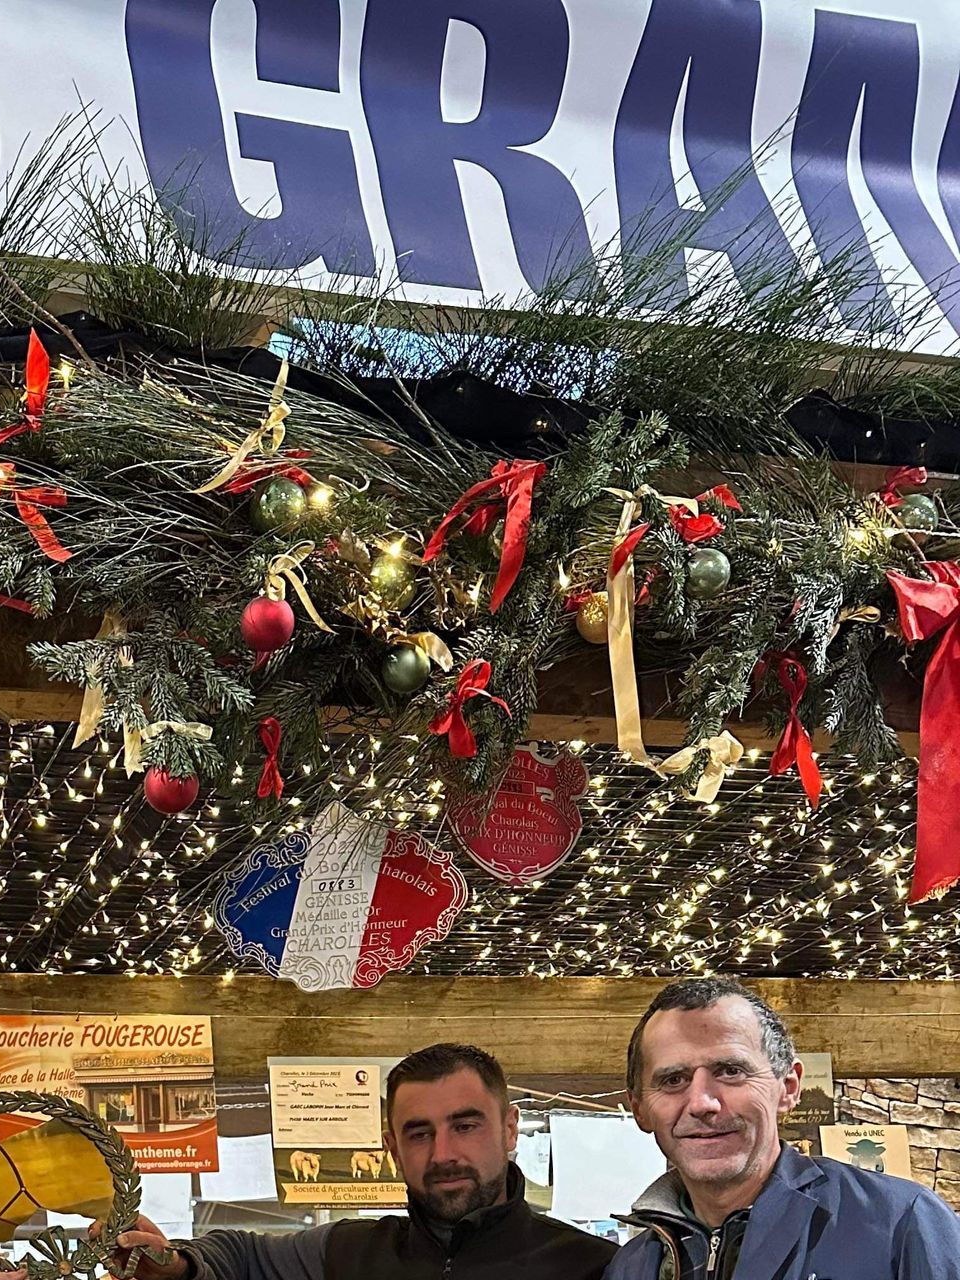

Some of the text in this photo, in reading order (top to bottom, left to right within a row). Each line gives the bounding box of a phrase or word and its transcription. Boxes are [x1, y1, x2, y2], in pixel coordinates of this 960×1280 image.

[491, 813, 539, 829] Charolais
[495, 828, 566, 846] D'HONNEUR
[493, 841, 537, 856] GÉNISSE
[240, 860, 438, 913] Festival du Boeuf Charolais
[305, 892, 369, 909] GÉNISSE
[295, 906, 382, 924] Médaille d'Or
[270, 919, 407, 939] Grand Prix d'Honneur
[286, 932, 391, 954] CHAROLLES
[80, 1024, 205, 1047] FOUGEROUSE
[21, 1070, 34, 1083] de
[37, 1068, 45, 1082] la
[50, 1068, 75, 1081] Halle
[844, 1129, 862, 1137] Vendu
[869, 1129, 885, 1137] UNEC
[293, 1184, 320, 1193] Société
[321, 1184, 370, 1195] d'Agriculture
[371, 1185, 378, 1193] et
[343, 1193, 378, 1201] Charolais
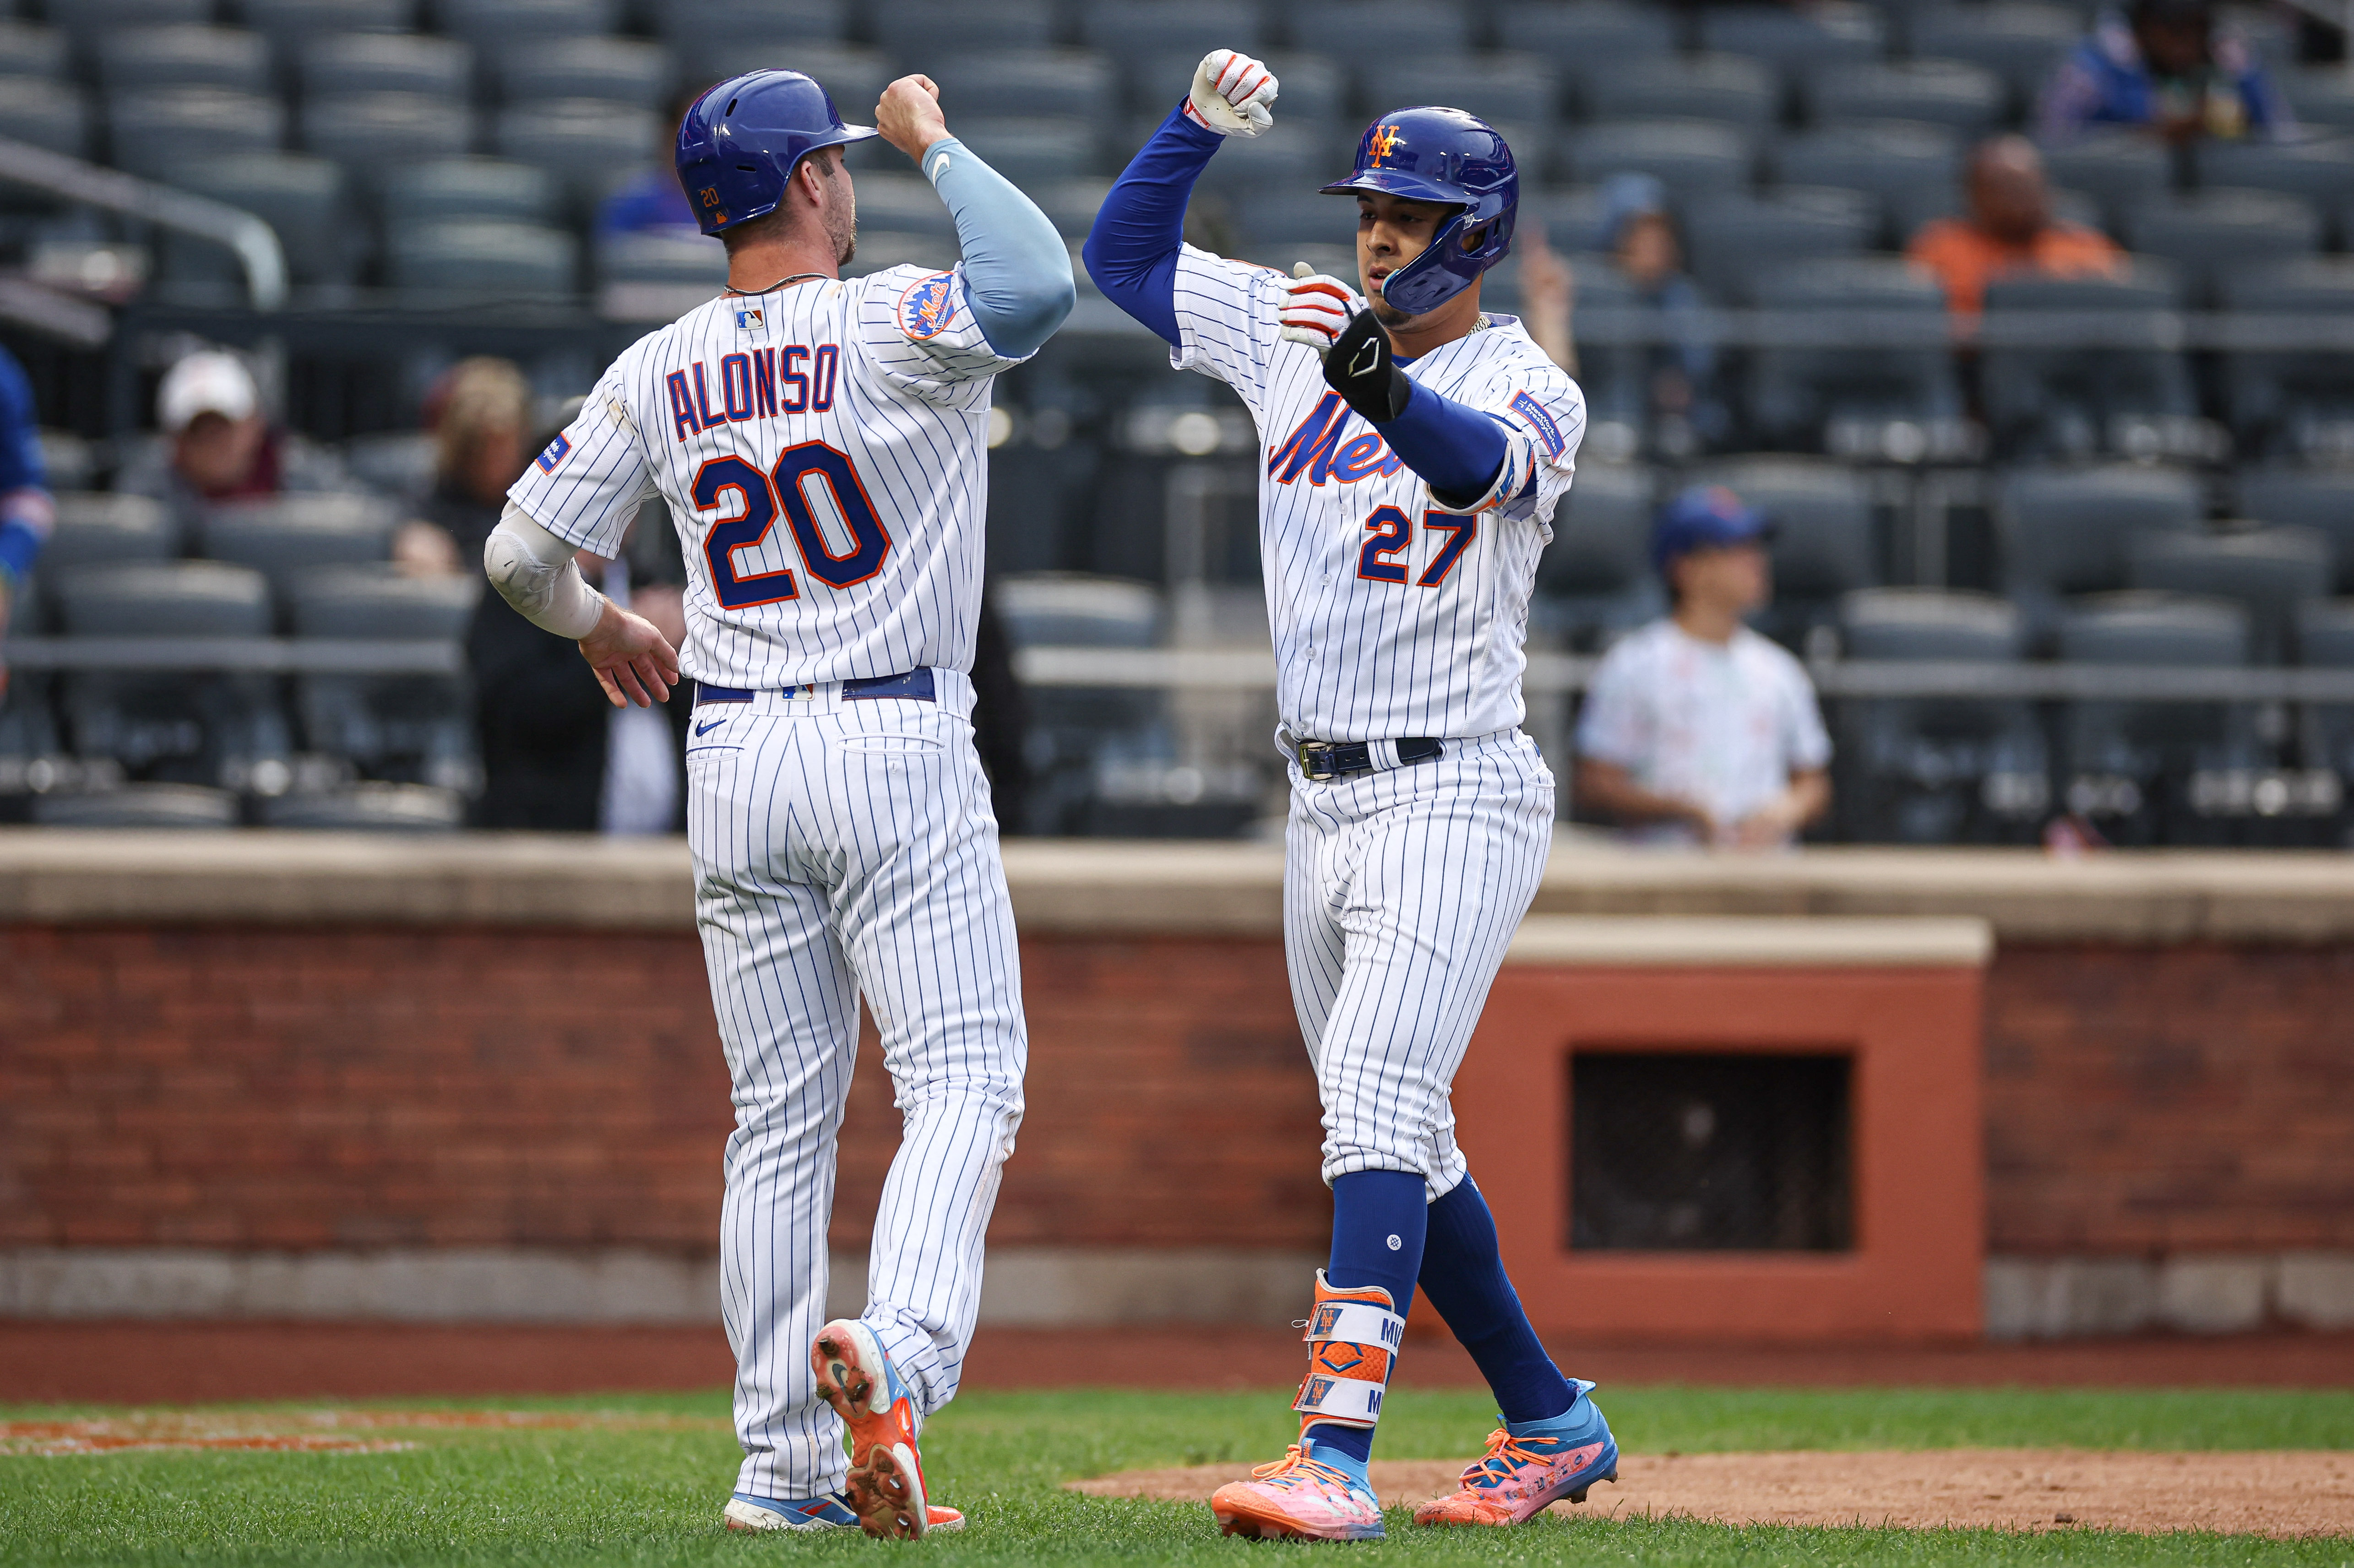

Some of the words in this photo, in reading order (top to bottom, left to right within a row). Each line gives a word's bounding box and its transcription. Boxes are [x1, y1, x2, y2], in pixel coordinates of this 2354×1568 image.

[701, 188, 719, 207] 20
[919, 282, 950, 329] Mets
[666, 344, 839, 443] ALONSO
[1268, 391, 1411, 487] Me
[1524, 407, 1558, 453] Presbyterian
[690, 439, 892, 611] 20
[1357, 505, 1477, 587] 27
[1381, 1317, 1404, 1348] MV
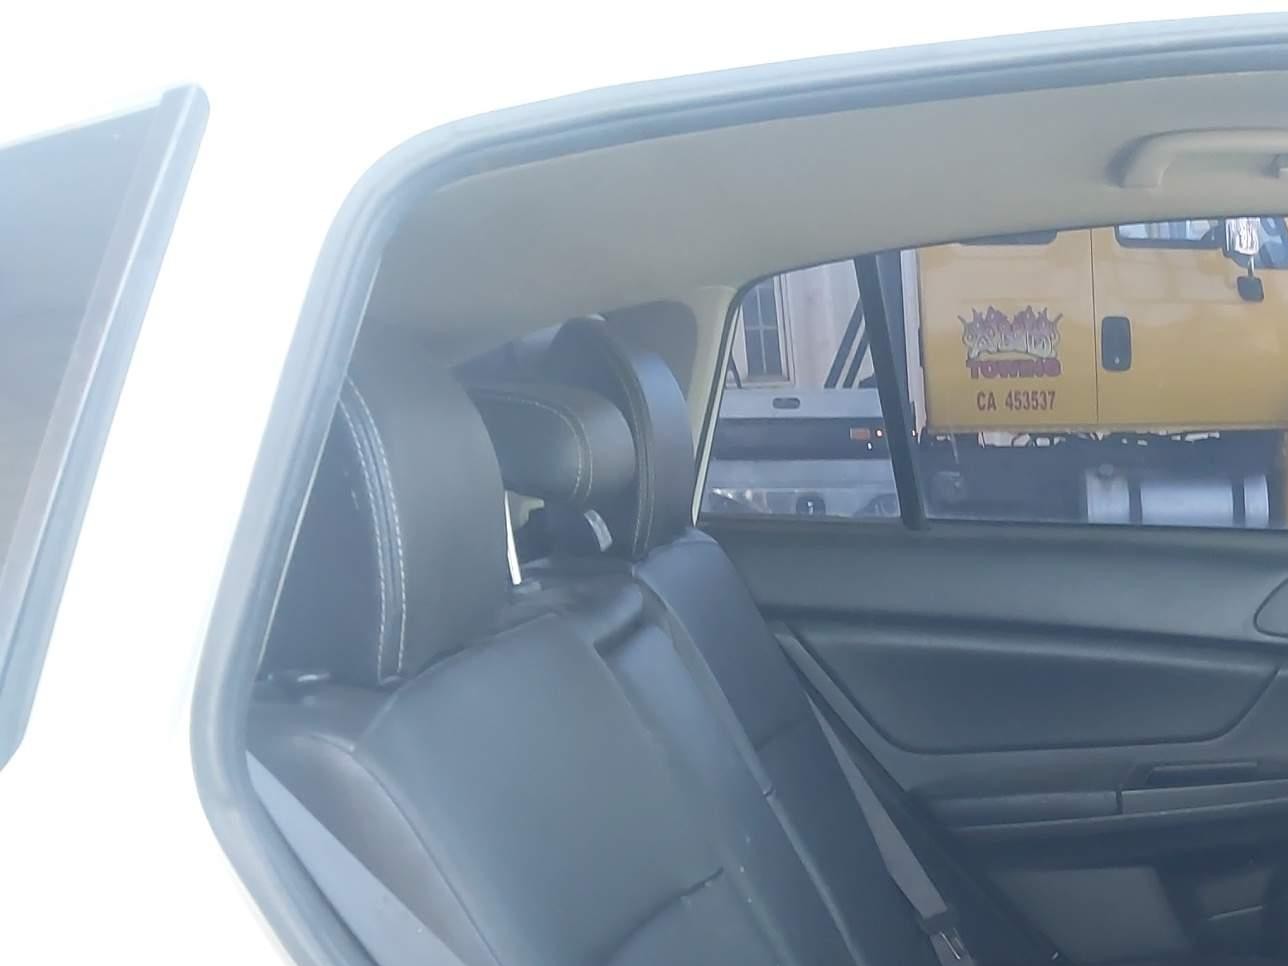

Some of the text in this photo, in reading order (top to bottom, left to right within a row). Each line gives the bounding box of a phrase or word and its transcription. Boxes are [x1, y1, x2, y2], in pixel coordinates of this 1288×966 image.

● **To do**: Where a picture appears in the material above, skip it, and print the rest exactly.

● **Answer space**:
Some of the text in this photo, in reading order (top to bottom, left to right within a row). Each line gives the bounding box of a phrase or word and its transcription. Boxes are [x1, y1, x2, y2], in pixel coordinates of this 960×1280 image.

[491, 813, 539, 829] Charolais
[495, 828, 566, 846] D'HONNEUR
[493, 841, 537, 856] GÉNISSE
[240, 860, 438, 913] Festival du Boeuf Charolais
[305, 892, 369, 909] GÉNISSE
[295, 906, 382, 924] Médaille d'Or
[270, 919, 407, 939] Grand Prix d'Honneur
[286, 932, 391, 954] CHAROLLES
[80, 1024, 205, 1047] FOUGEROUSE
[21, 1070, 34, 1083] de
[37, 1068, 45, 1082] la
[50, 1068, 75, 1081] Halle
[844, 1129, 862, 1137] Vendu
[869, 1129, 885, 1137] UNEC
[293, 1184, 320, 1193] Société
[321, 1184, 370, 1195] d'Agriculture
[371, 1185, 378, 1193] et
[343, 1193, 378, 1201] Charolais

Some of the words in this photo, in reading order (top to bottom, left to right within a row). Each line gives a word's bounding box and its transcription. Boxes are [x1, y1, x2, y2], in pixel coordinates of this 2354×1568 image.

[701, 188, 719, 207] 20
[919, 282, 950, 329] Mets
[666, 344, 839, 443] ALONSO
[1268, 391, 1411, 487] Me
[1524, 407, 1558, 453] Presbyterian
[690, 439, 892, 611] 20
[1357, 505, 1477, 587] 27
[1381, 1317, 1404, 1348] MV

Some of the text in this photo, in reading order (top to bottom, left to right within a row). Each line gives the bounding box of a phrase or word and its transcription. Boxes are [x1, y1, x2, y2], in pixel coordinates of this 1288×966 image.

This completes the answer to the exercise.